662 Millionen Views: Das meistgesehene Instagram Reel der Welt kommt aus Deutschland

Wie ein deutscher Autoblog weltweite Aufmerksamkeit für ein Sicherheits-Feature von VW generiert hat

Inhalt
  1. Ein deutsches Reel geht um die Welt
  2. Vorheriger Rekord: 553 Millionen Views
  3. Was waren die Gründe für den Erfolg?
  4. Volkswagen: "Wir haben strategisch darauf hingearbeitet"
  5. Was bedeutet der Erfolg für motoreport?
  6. "Die Autobauer schauen auf solche Zahlen"

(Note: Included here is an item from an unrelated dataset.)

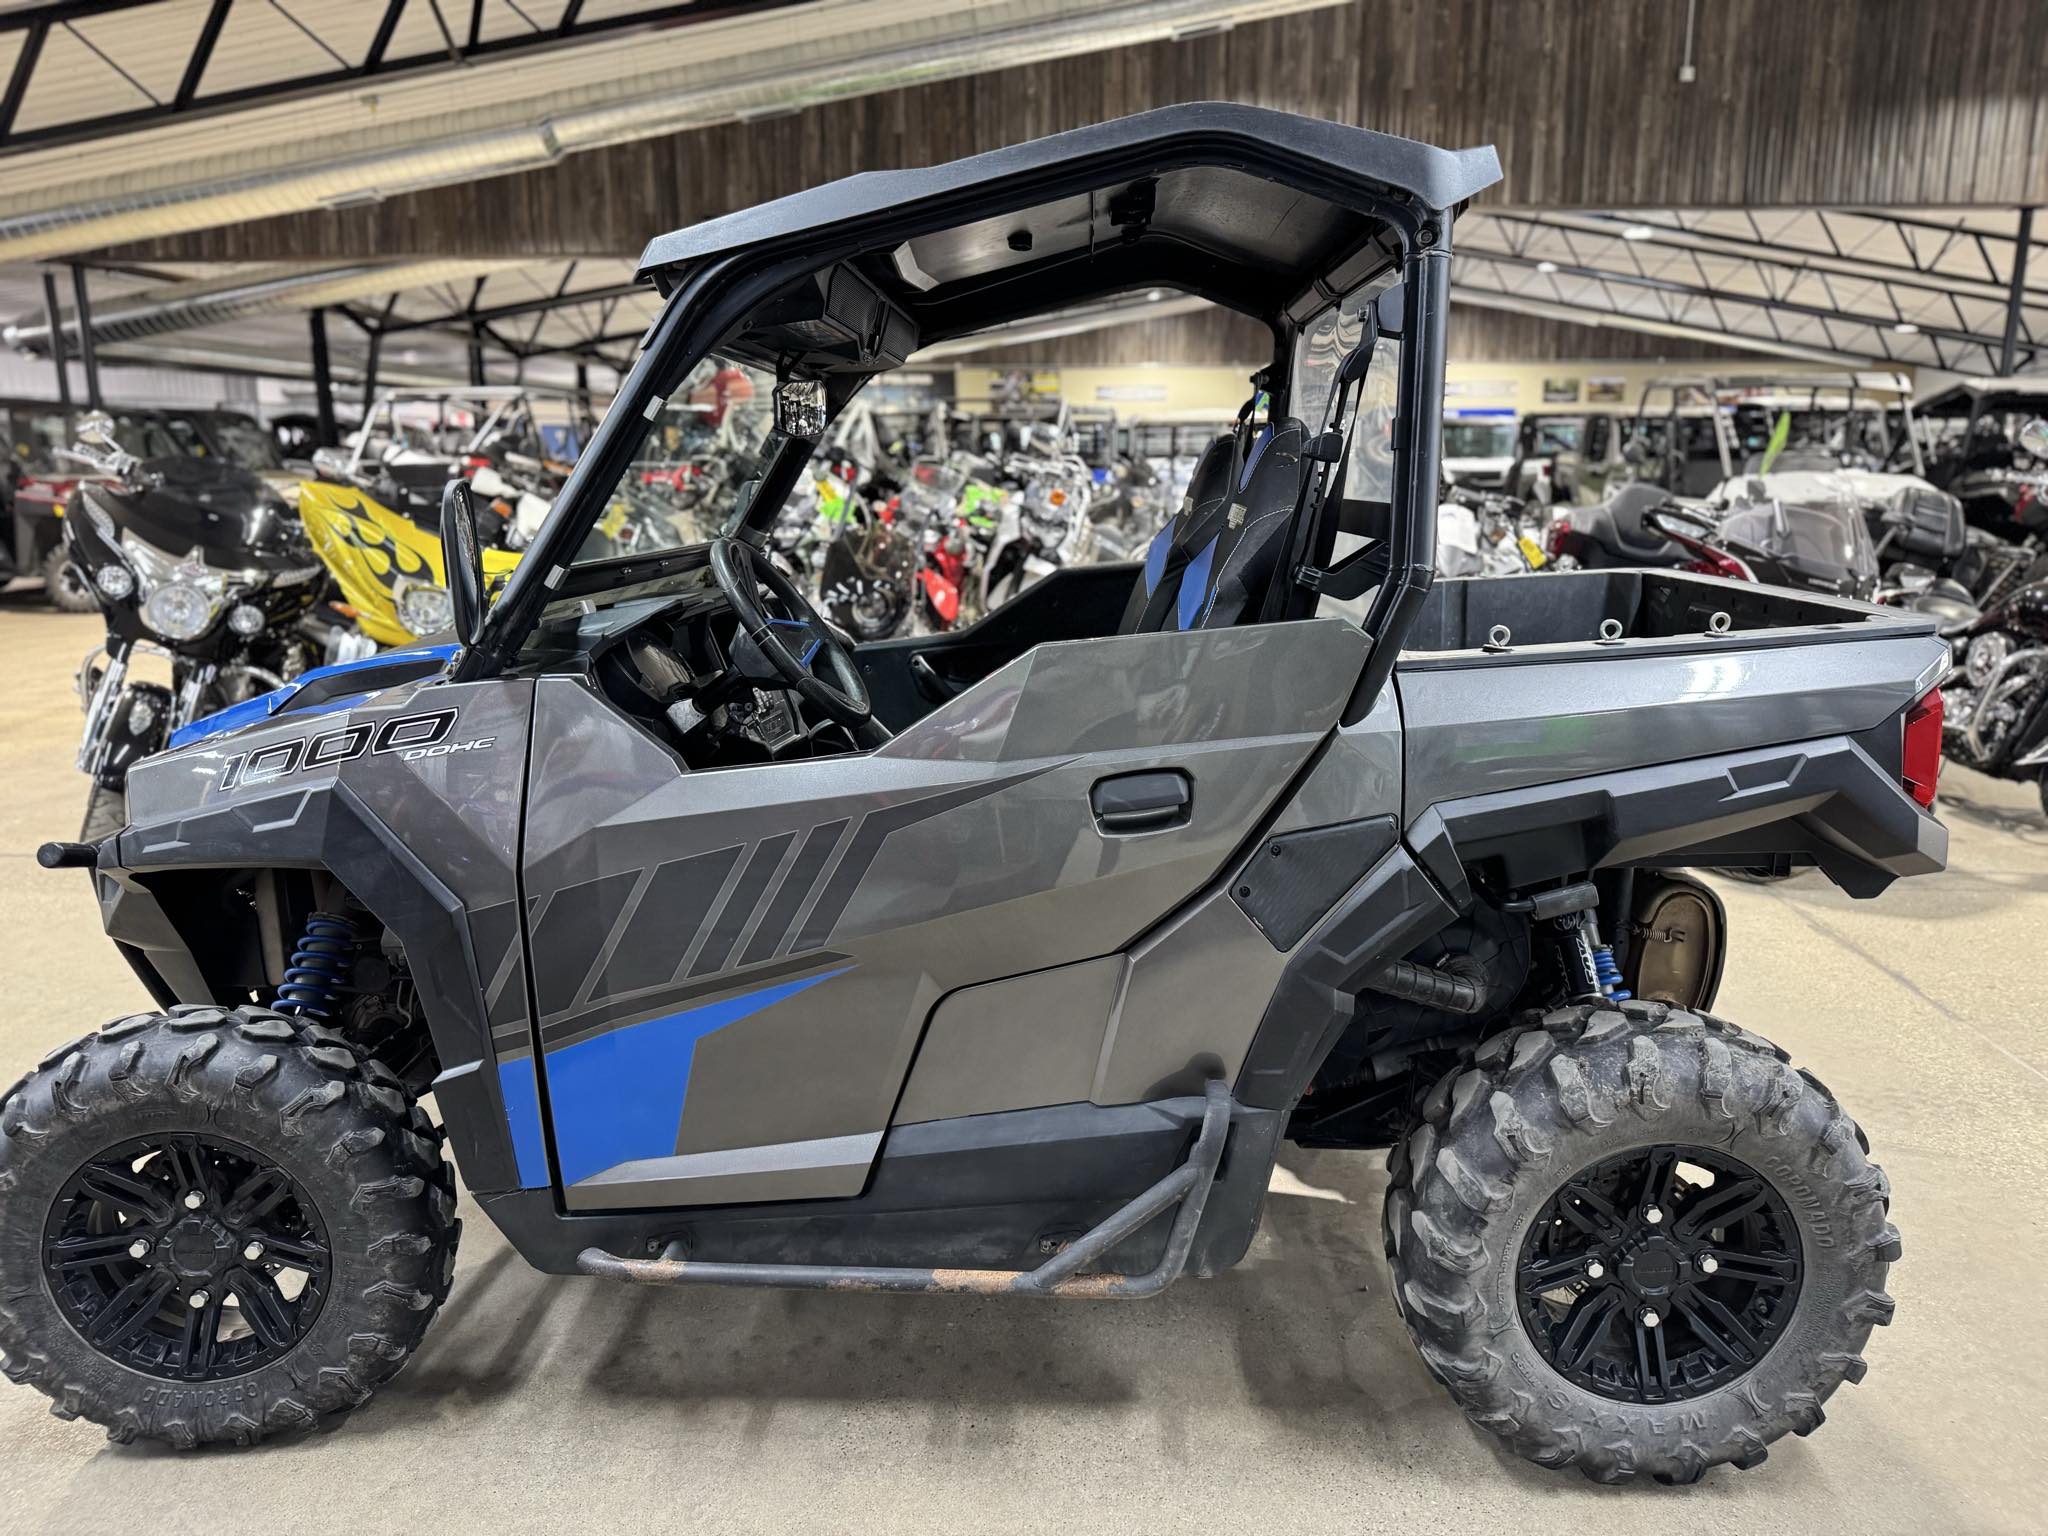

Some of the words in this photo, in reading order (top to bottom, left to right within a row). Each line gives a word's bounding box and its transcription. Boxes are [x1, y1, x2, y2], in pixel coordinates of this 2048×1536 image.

Mit mehr als einer halbe Milliarde Views in rund zwei Wochen haben Matthias Luft und Anja Hager einen Instagram-Rekord aufgestellt: Das Autoblogger-Paar ist nun Urheber des meistgesehenen Reels auf der Plattform. Ein großer Erfolg sowohl für das Blogger-Paar als auch für Autobauer Volkswagen, dessen Technik in dem Clip erklärt wird. OMR hat mit beiden Seiten darüber gesprochen, wie das Rekord-Reel zustandegekommen ist – und was es gebracht hat.

Ein Mann sitzt auf dem Fahrersitz eines stehenden Autos und scheint sich mit einer nicht sichtbaren, weiteren Person zu unterhalten. Durch das Seitenfenster ist zu sehen, wie sich ein weiteres Auto mit hoher Geschwindigkeit nähert, ohne dass der Mann im Bild dies zu bemerken scheint. Als das herannahende gegen das stehende Auto prallt, scheint irgendetwas den Mann im Bild zu schützen. Erst als der Vorgang ein zweites Mal zu sehen ist, erkennen die Zuschauenden, dass das herannahende Auto nur eine Attrappe aus Schaumstoff war; der Mann im Bild aber auch durch Sicherheits-Features geschützt wurde.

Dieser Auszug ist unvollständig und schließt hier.